The commission of inquiry released more detailed information this week about the protocols for providing evidence to the team, and how that information subsequently may be redacted.

Commissioner Sir Gary Hickinbottom explained in a press release on March 5 how his team’s two-stage approach to sorting through evidence gives people who want anonymity a clear way to request it. But he stressed that people providing documents should not omit information they deem irrelevant or sensitive before giving it to the commission.

“On providing information through the website, members of the public are able to confirm whether they wish to remain anonymous in the sense that they do not wish anything to be used in evidence or published which, directly or indirectly, will lead to their identification as the source of the information, and whether they wish the information they submit to remain confidential and not to be used in evidence or in the commissioner’s report,” the release states.

Community members can contact the commission through the online portal at www.bvi.public-inquiry.uk.

Besides relying on the public to volunteer information, the commission can also send a “letter of request” to produce relevant documents, according to the statement.

If a request is not fulfilled completely by the requested deadline, the commissioner can exercise his power to call for documents, summon witnesses, and examine witnesses under oath, per the VI’s Commissions of Inquiry Act 1880.

Redactions

Barring a plainly identified legal basis, the commission said nothing should be deleted from requested evidence.

“The commissioner does not expect redactions of personal data in respect of documents provided to the COI to be made in light of the substantial public interest in the COI receiving relevant documents,” Sir Gary explained in the release.

There are certain “safeguards” in place to make sure sensitive information isn’t publicised, he wrote.

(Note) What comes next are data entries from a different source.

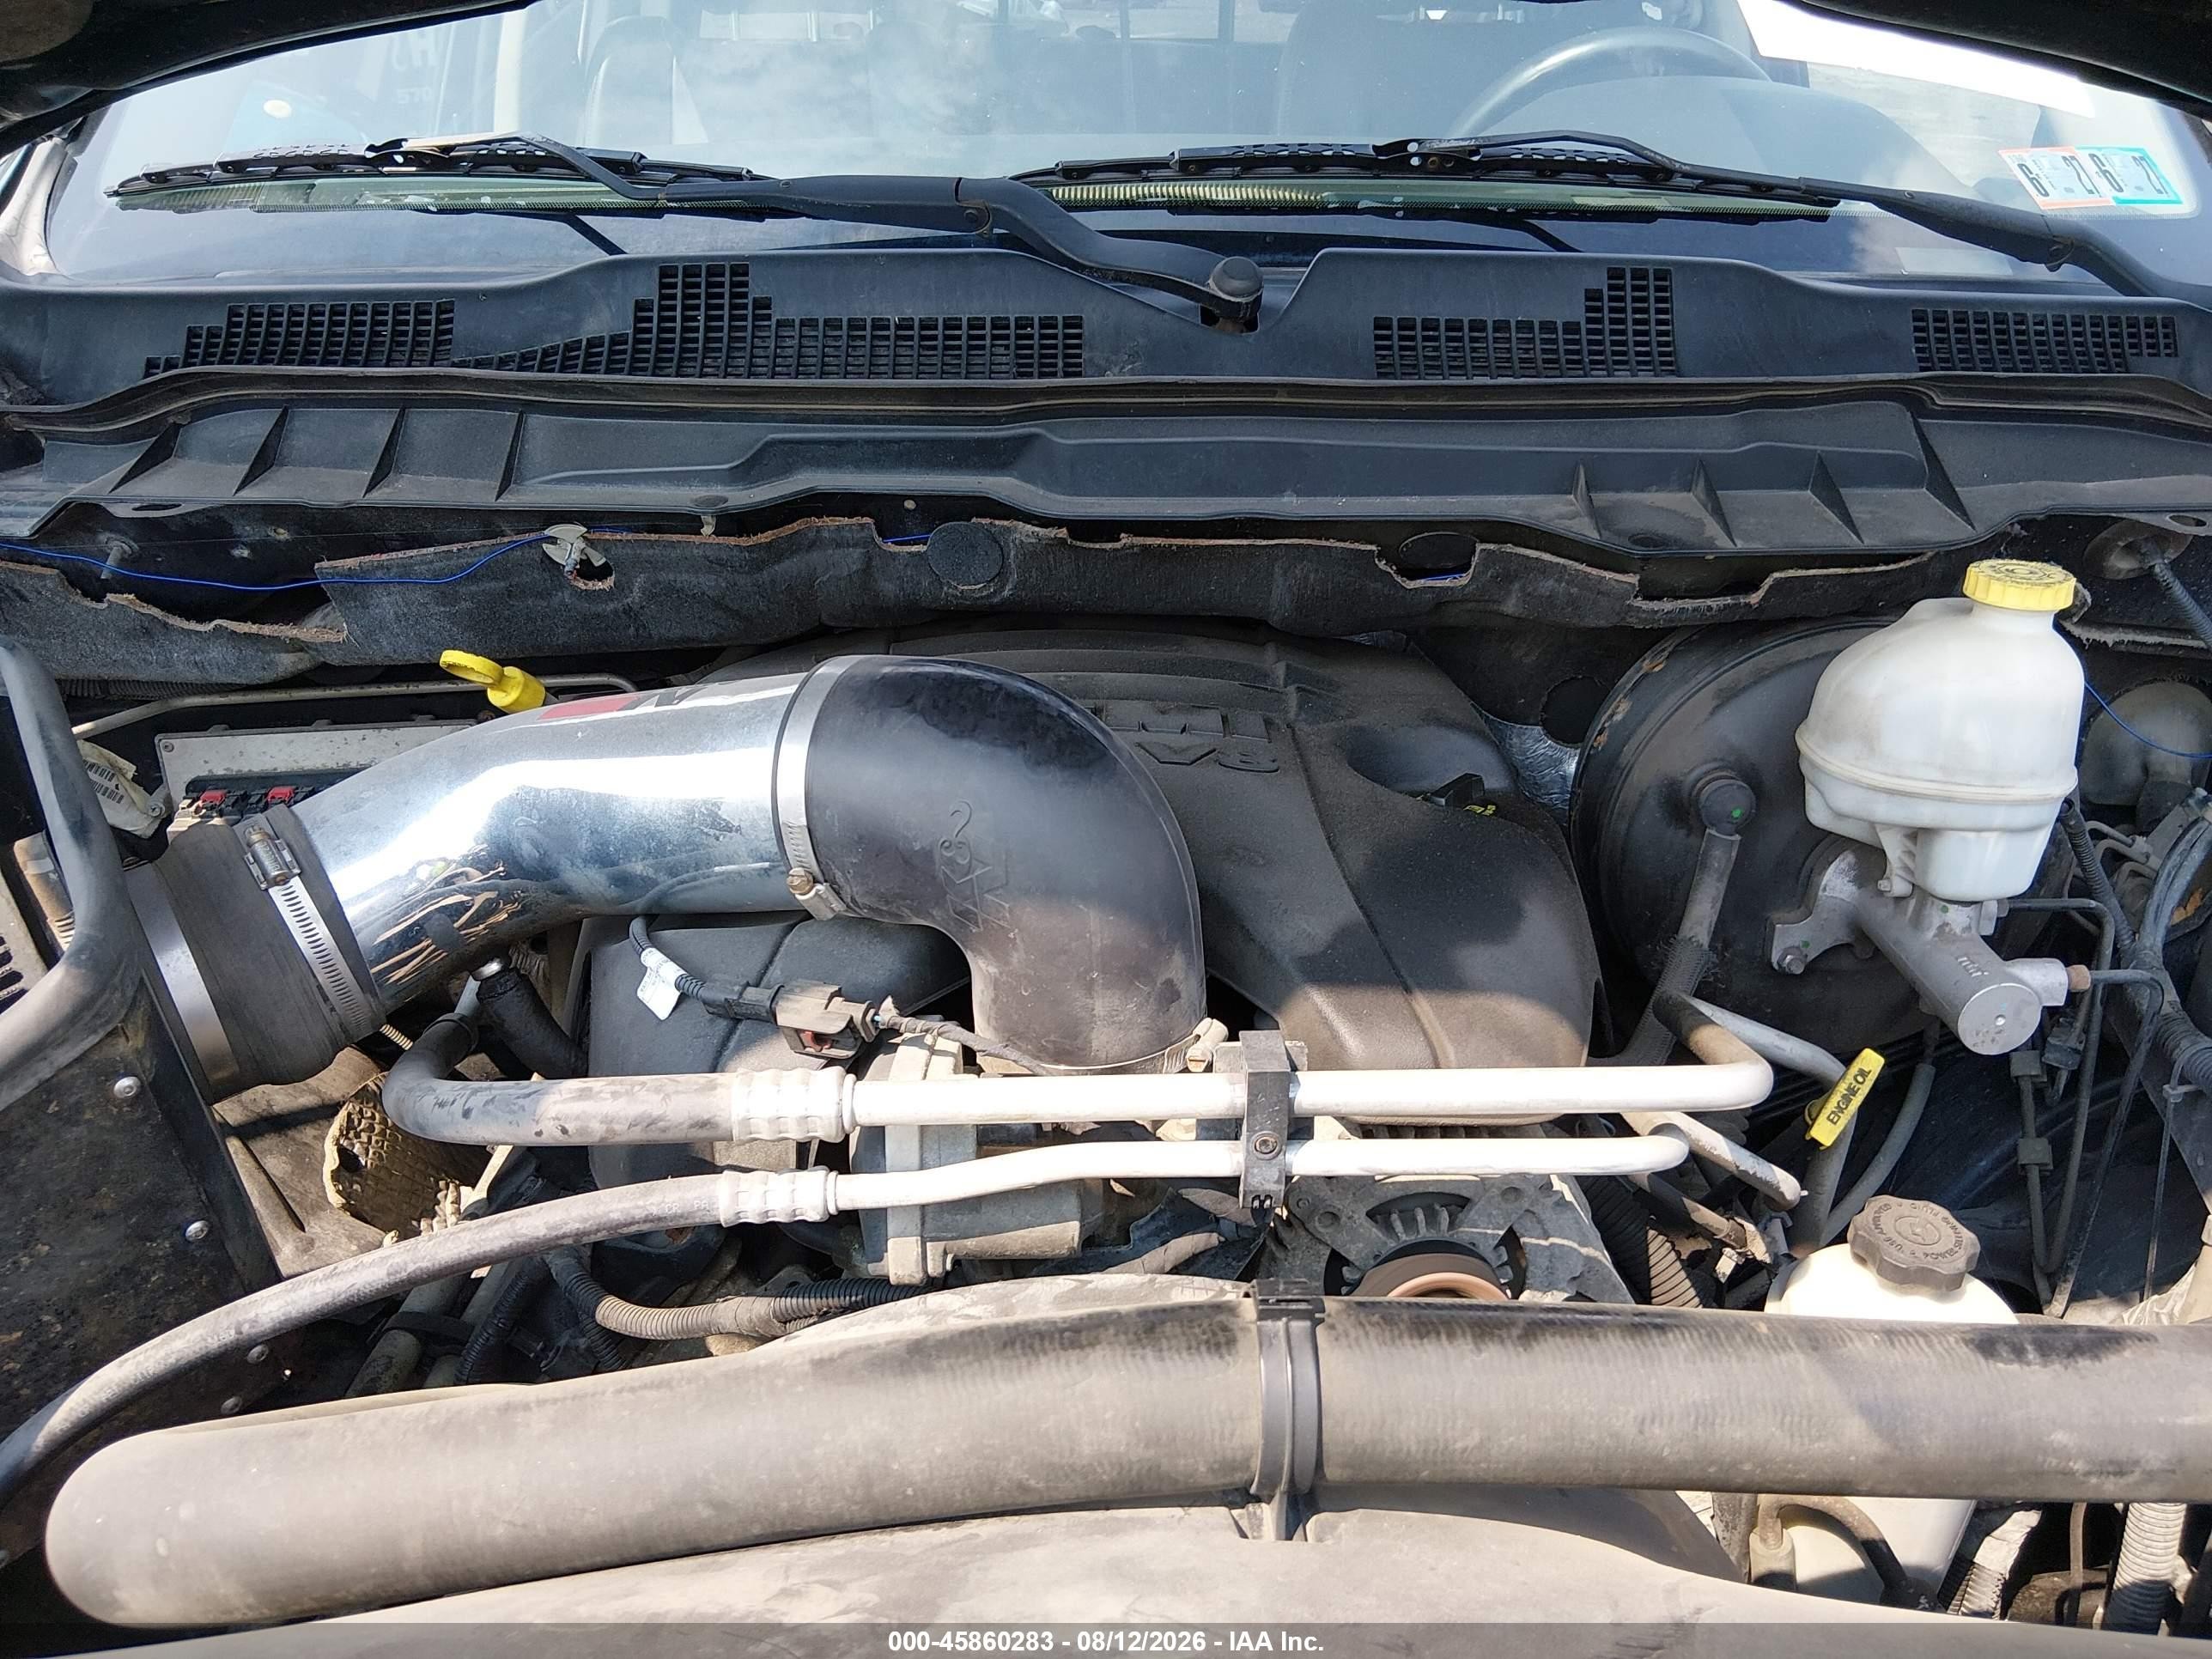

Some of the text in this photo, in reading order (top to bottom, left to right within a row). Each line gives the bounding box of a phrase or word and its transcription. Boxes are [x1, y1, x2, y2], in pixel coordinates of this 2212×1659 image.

[2017, 163, 2050, 198] 6
[2088, 153, 2124, 193] 6
[1826, 1067, 1873, 1126] ENGINE OIL
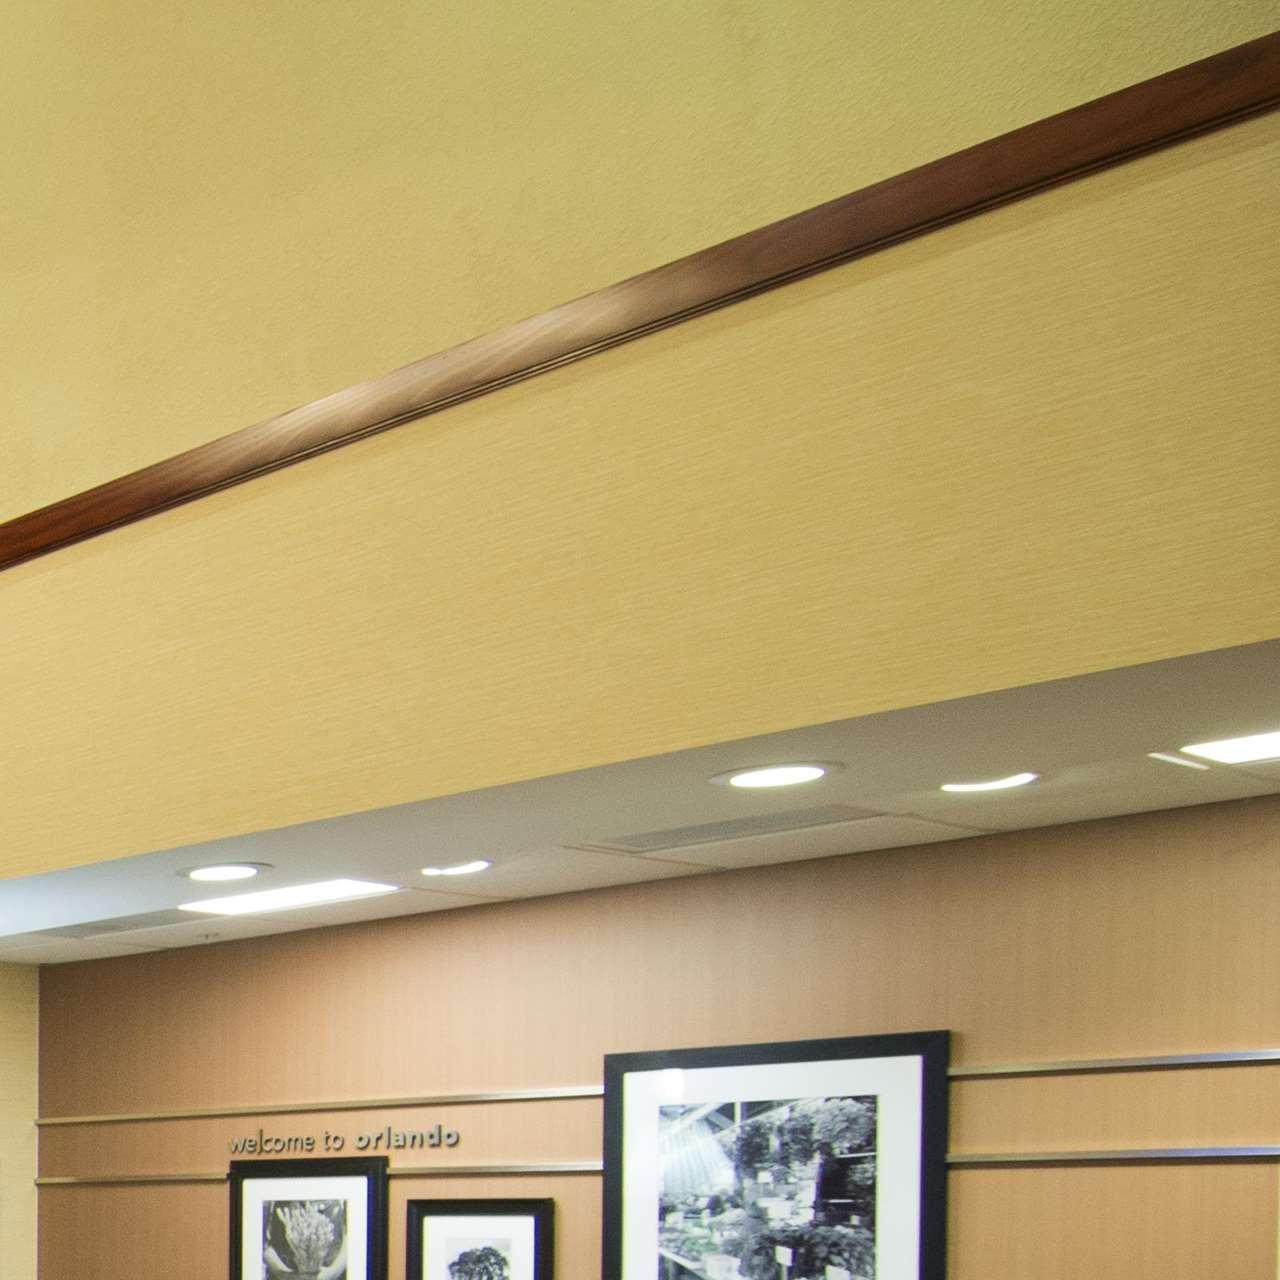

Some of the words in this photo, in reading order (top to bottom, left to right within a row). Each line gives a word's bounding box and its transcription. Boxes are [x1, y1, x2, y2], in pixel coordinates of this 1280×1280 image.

[229, 1128, 316, 1155] welcome
[323, 1130, 345, 1150] to
[355, 1124, 460, 1150] orlando
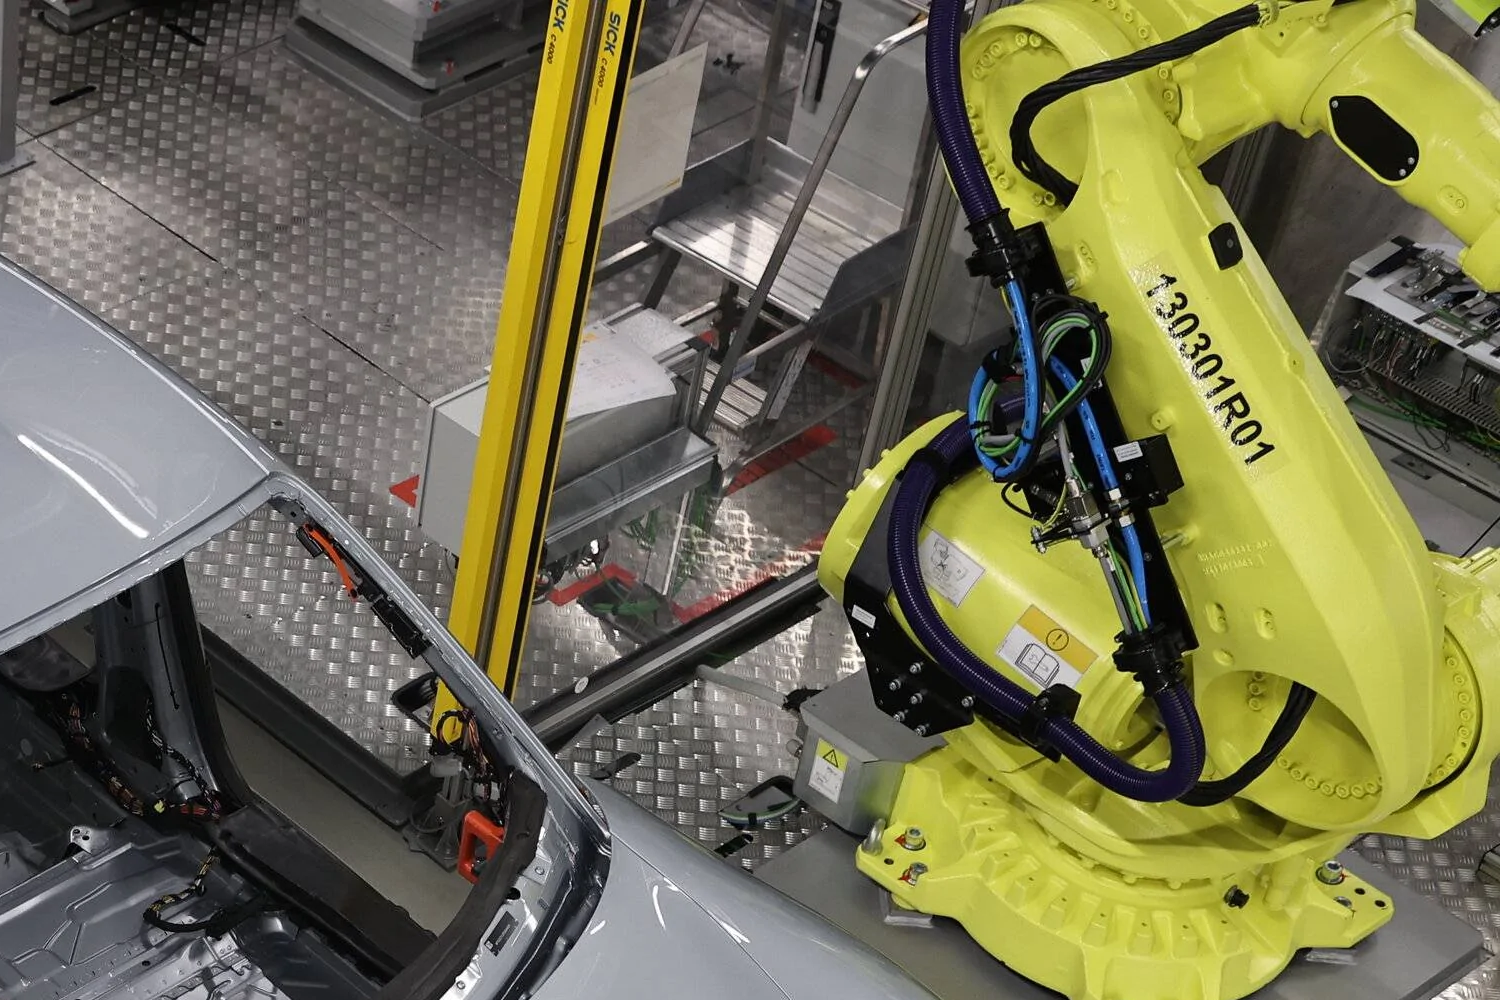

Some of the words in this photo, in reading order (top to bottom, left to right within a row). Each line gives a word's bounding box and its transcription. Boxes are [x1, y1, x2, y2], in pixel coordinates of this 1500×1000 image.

First, information is disclosed solely to the commission. Then, certain documents can be released to witnesses or the public “insofar as this is necessary to fulfil the COI’s terms of reference, at which stage the COI will afford a [provider of documents] an opportunity to seek redaction including on the ground of public interest immunity.”

People requesting a redaction can email steven.chandler@bvi.public-inquiry.uk.

The press release clarified that any final decisions about giving evidence in a fair manner that helps “avoid unnecessary delay” would be up to the commissioner.